The Stranger featured this interview with Raub in 2010 following the shooting death of his friend John T. Williams by SPD:

As we spoke, Raub told me a bit about himself. He said he served in the war in Vietnam and was held in a prisoner of war camp in Cambodia for three years. While he was a POW, he said, he lived in a bamboo cage set in a river that rushed around his legs. His captors used a gaff on him and yanked out his teeth, he said, and as he talked, I could see his toothless gums. One day, Raub said, he was working in a rice paddy, when he saw a sharp rock in the water. He fell to his knees and stuffed the rock down his throat, he said. That night he used the rock to cut open the bamboo cage and escaped. Using skills he had learned as a boy, he studied the night sky and found his way to his base. Raub said that when he got there, no one could believe he was still alive.

Now it’s 40 years later, and he says he sleeps outside the Value Village thrift store. He quit staying in shelters after being robbed repeatedly. In the mornings, he trudges to the coffee shop. I have seen him trudging, like an old devout Buddhist, though he is a Christian.

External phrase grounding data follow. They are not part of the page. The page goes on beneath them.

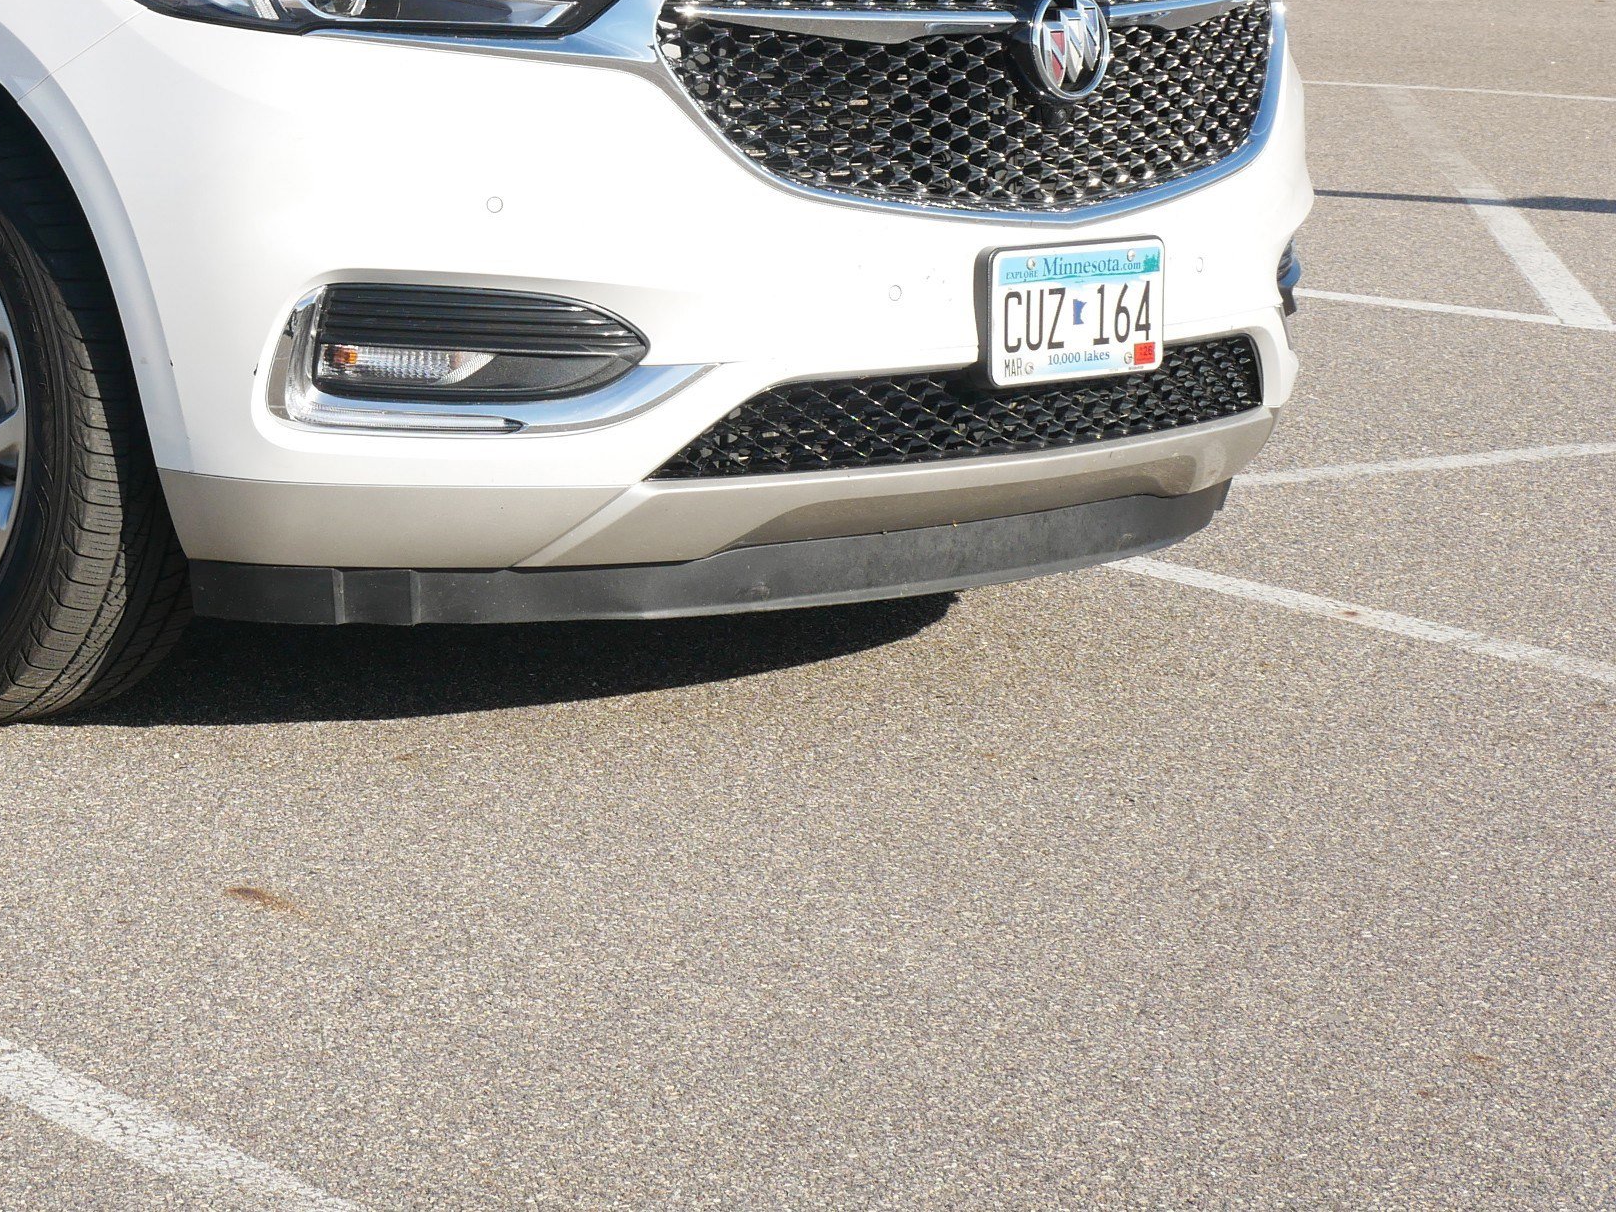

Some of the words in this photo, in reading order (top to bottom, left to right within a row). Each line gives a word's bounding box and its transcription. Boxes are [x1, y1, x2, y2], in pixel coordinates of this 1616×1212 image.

[1005, 270, 1039, 280] EXPLORE
[1042, 257, 1142, 277] Minnesota.com
[1004, 287, 1066, 353] CUZ
[1093, 280, 1152, 346] 164
[1004, 358, 1023, 378] MAR
[1047, 351, 1081, 366] 10,000
[1083, 349, 1110, 362] lakes

Raub had a local criminal record peppered with relatively minor incidents until an October, 2011 assault. Around the Hill, he was a mostly quiet presence who occasionally found a seat inside one of the neighborhood cafes to have a cup of coffee. We saw him shuffled along here and there. Sad to have him wrapped up in such an awful story.

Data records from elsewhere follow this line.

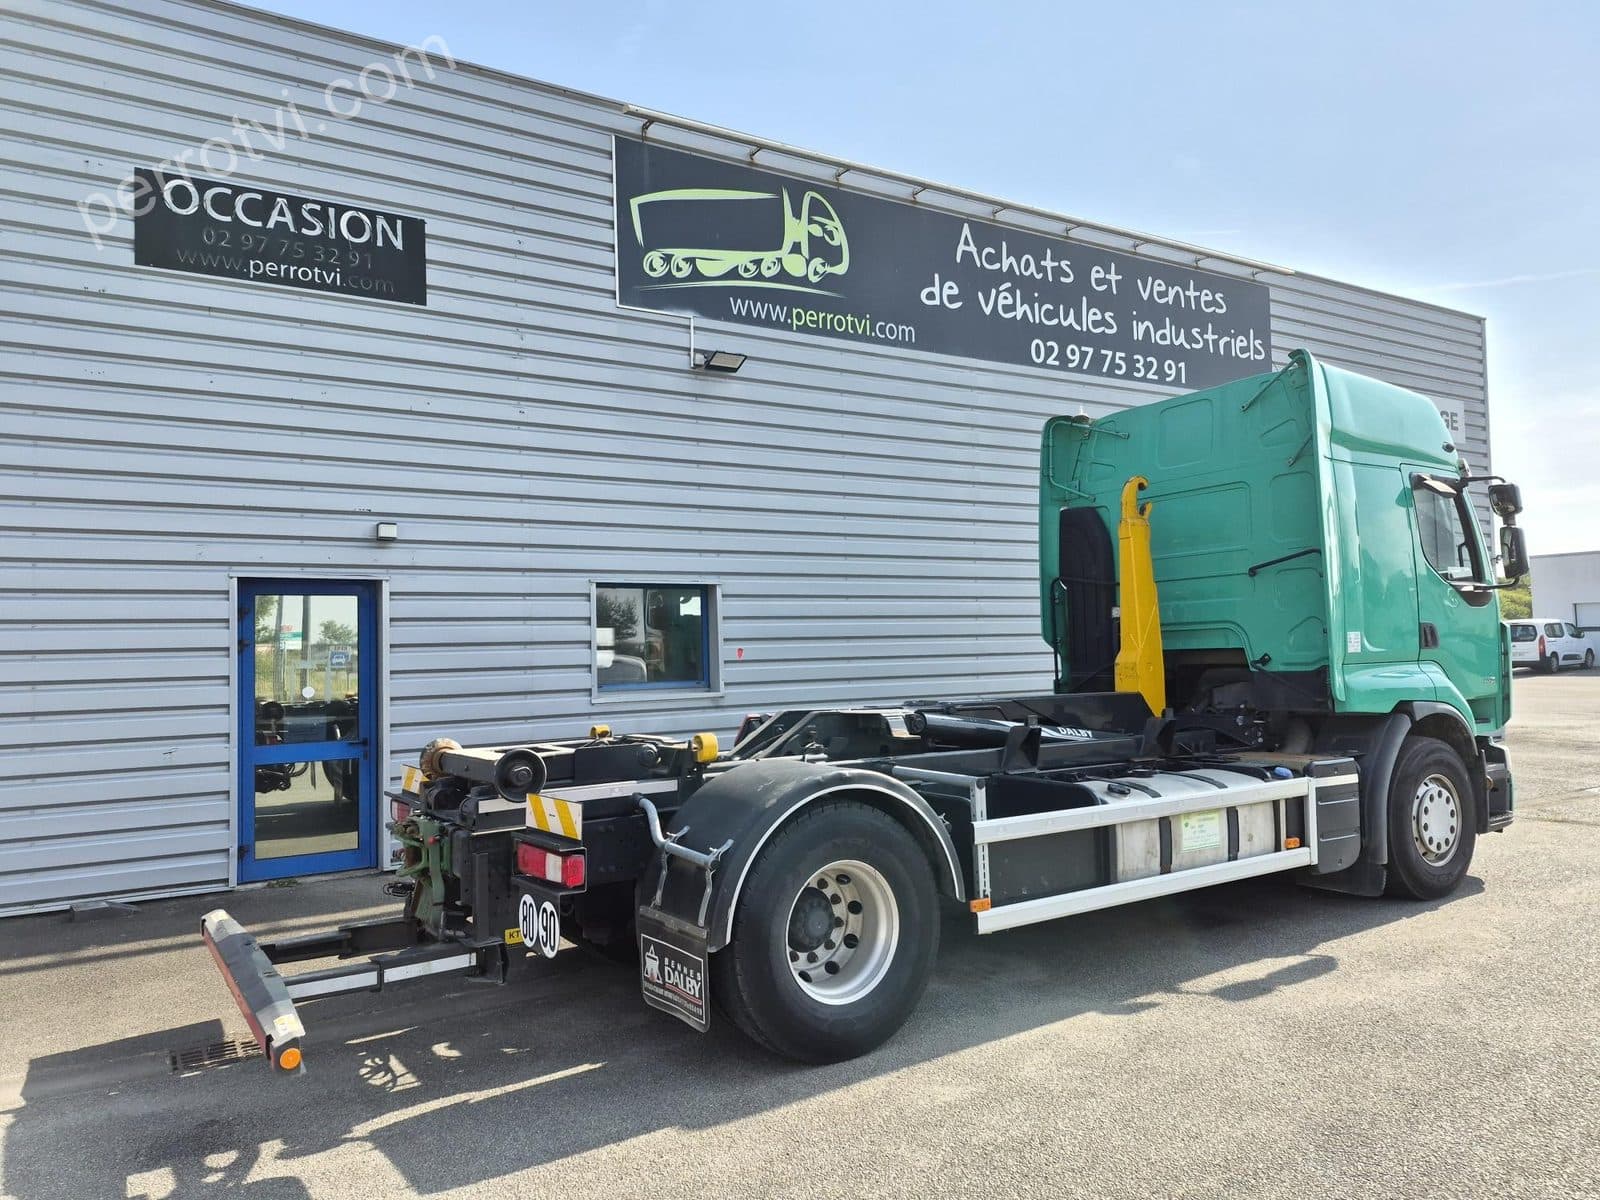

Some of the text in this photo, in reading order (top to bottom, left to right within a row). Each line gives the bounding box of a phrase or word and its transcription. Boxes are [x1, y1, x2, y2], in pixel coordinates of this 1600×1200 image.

[163, 179, 404, 250] OCCASION
[176, 246, 395, 294] www.perrotvi.com
[202, 228, 373, 270] 02 97 75 32 91
[955, 222, 1228, 315] Achats et ventes
[729, 296, 916, 343] www.perrotvi.com
[919, 272, 1267, 361] de véhicules industriels
[1030, 338, 1187, 384] 02 97 75 32 91
[522, 900, 535, 943] 80
[541, 907, 556, 952] 90
[664, 966, 701, 998] DALBY

29 thoughts on “Gary Raub, a homeless regular around the Hill, arrested for 36-year-old murder

  1. Talked with a few times over the years, even taking his photo on Broadway. He seemed a very friendly soul. I hope he receives his fair day in court and the victim her justice.

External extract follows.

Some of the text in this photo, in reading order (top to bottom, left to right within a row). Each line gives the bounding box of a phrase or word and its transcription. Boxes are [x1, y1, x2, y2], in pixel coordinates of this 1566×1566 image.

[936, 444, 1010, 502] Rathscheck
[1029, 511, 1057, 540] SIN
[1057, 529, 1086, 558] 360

  2. Why are there so many gross and scary people running all around Seattle. It is insane. Can’t think of how many times I’ve passed that guy on the street. Oh, just another murderer.

  3. What? This comment is absurd. Where are you from? Have you been to San Francisco? This city isn’t overrun by murderers and homeless people, you bumpkin.

  4. Yes, sometimes homeless people are gross and scary….and I wish more of them would get into transitional housing…but to generalize that they are all murderers and criminals is a bit unfair, don’t you think? Most of them are strange, but harmless.

    Most murderers look and act normal…such as the angry creep who assassinated Yancy Noll recently.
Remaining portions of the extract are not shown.